Bakınız, Montesquieu 1758 tarihinde şöyle söylüyor: "Şu üç kuvvet aynı kişinin veya önde gelenlerden, asilzadelerden yahut halktan oluşan aynı kurumun elinde toplanırsa her şey mahvolur: Yasama, yürütme ve yargı." "Bir kişiyi ikna etmek, birbirini denetleyen yapıyı ikna etmekten çok daha kolaydır." sözü kulaklarımızda çınlamalı. İşte, yasama faaliyetini eğer biz bir kişiye teslim edersek bugünkü gibi farklı uygulamaların Anayasa Mahkemesinden döndüğünü hep birlikte göreceğiz.
Değerli milletvekili arkadaşlarımız, Cumhurbaşkanlığı kararnamesiyle düzenlenemeyecek olduğu açıkça beyan edilmiş olan Adalet Akademisinde bu düzenleme, inşallah, sağlıklı hâkim ve savcıların yetişmesine sebep olur.
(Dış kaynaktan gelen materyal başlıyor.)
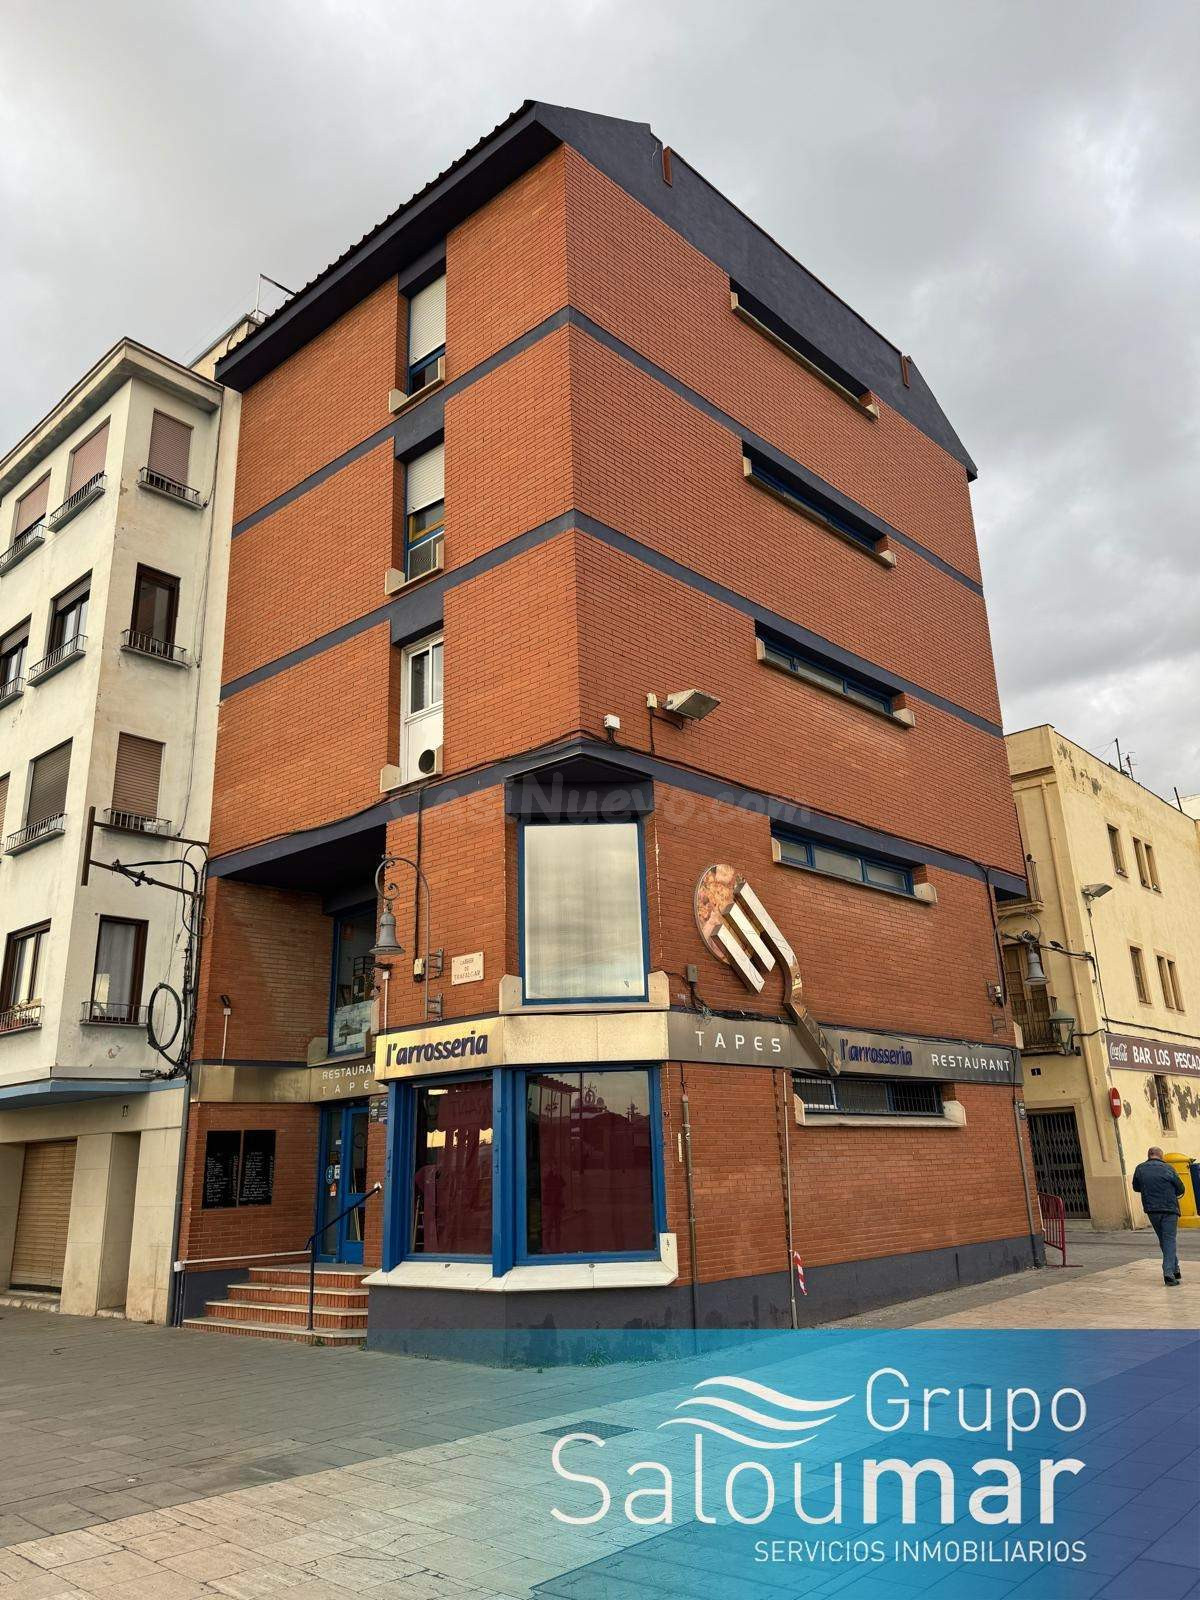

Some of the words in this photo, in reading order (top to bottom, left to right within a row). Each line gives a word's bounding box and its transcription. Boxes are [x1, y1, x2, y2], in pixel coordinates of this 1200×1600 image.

[386, 1030, 488, 1067] l'arrosseria
[695, 1030, 782, 1053] TAPES
[839, 1038, 913, 1066] l'arrosseria
[931, 1053, 1011, 1072] RESTAURANT
[1132, 1045, 1153, 1065] BAR
[1154, 1048, 1171, 1067] LOS
Biz bunu canıyürekten istiyoruz çünkü adalet kurumunun hakkıyla işlemesi bir devlet için olmazsa olmaz. Ancak biz şunu çok netliğiyle görüyoruz ki... Adalet Akademisinde keyfî uygulamaların olduğunu geçtiğimiz yıllar içerisinde farklı uygulamalarıyla ve farklı metotlarla gördük. Hiç olmazsa bundan sonraki süreç içerisinde çok daha dikkatli, itinalı bir süreç yaşansın istiyoruz.
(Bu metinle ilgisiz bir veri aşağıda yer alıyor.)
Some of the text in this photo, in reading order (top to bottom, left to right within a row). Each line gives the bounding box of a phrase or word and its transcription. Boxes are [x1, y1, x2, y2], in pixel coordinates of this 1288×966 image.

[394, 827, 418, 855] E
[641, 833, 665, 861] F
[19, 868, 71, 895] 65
Burada, gecenin bu ilerleyen saatinde çok fazla sizleri yormak istemiyorum ama nasıl bir adalet sistemiyle ülkede yaşadığımızı da kısaca hatırlatmak istiyorum. Eline oyuncak silah dahi almamış kadınların gece yarısı evine baskın yapılarak terör örgütü üyesi olma iddiasıyla gözaltına alındığı bir Türkiye'de yaşıyoruz. KHK'lilerin yaşadığı hukuksuzlukların sona erdirilmediği, AİHM kararlarının uygulanmadığı, seçilmiş milletvekilinin Anayasa Mahkemesinin kararına rağmen hürriyetinden yoksun bırakıldığı ve Parlamentoda görevinin yaptırılmadığı, belediye başkanlarının yargı kararı olmadan görevden alındığı ve yerine kayyum atandığı, lakin tüm dünyanın terör örgütü olarak kabul ettiği PKK liderinin evimizin adamı gibi muamele gördüğü günleri yaşıyoruz. Bu utanç da elbette ki bu Parlamento için çok büyük bir ayıptır. Bunu özellikle ifade etmekte fayda var. O nedenle, bir kez daha yargının sorunlarını tek tek burada dile getirmenin bir anlamı yok ama büyük bir hukuksuzluk, büyük bir adaletsizlik yaşıyoruz, bunu iliklerimize kadar hissediyoruz ve bu Parlamentodan çıkabilecek her bir neticenin, her türlü somut adımın 85 milyonun menfaatine olması gerekliliğini bir kez daha buradan vurgulamak istiyorum. O yüzden, Akademide yetişecek olanların senden benden değil, Türk milletinin evlatları olması ve onların mülakatlarında hiçbir ayrım yapılmaksızın eşitlik ilkesine göre düzenlemelerin gerçekleşmesi gerekiyor. İşte, kendi yaptığınız düzenlemelerde burada ifade ettiğiniz, Anayasa’nın 148'inci maddesindeki bireysel başvuru hakkının bir milletvekili tarafından kullanılmış olmasına rağmen, Anayasa Mahkemesinin vermiş olduğu karar son derece açık olmasına rağmen, Can Atalay'ın hâlâ Mecliste olmamış olması bile bu Parlamento açısından son derece büyük bir ayıp.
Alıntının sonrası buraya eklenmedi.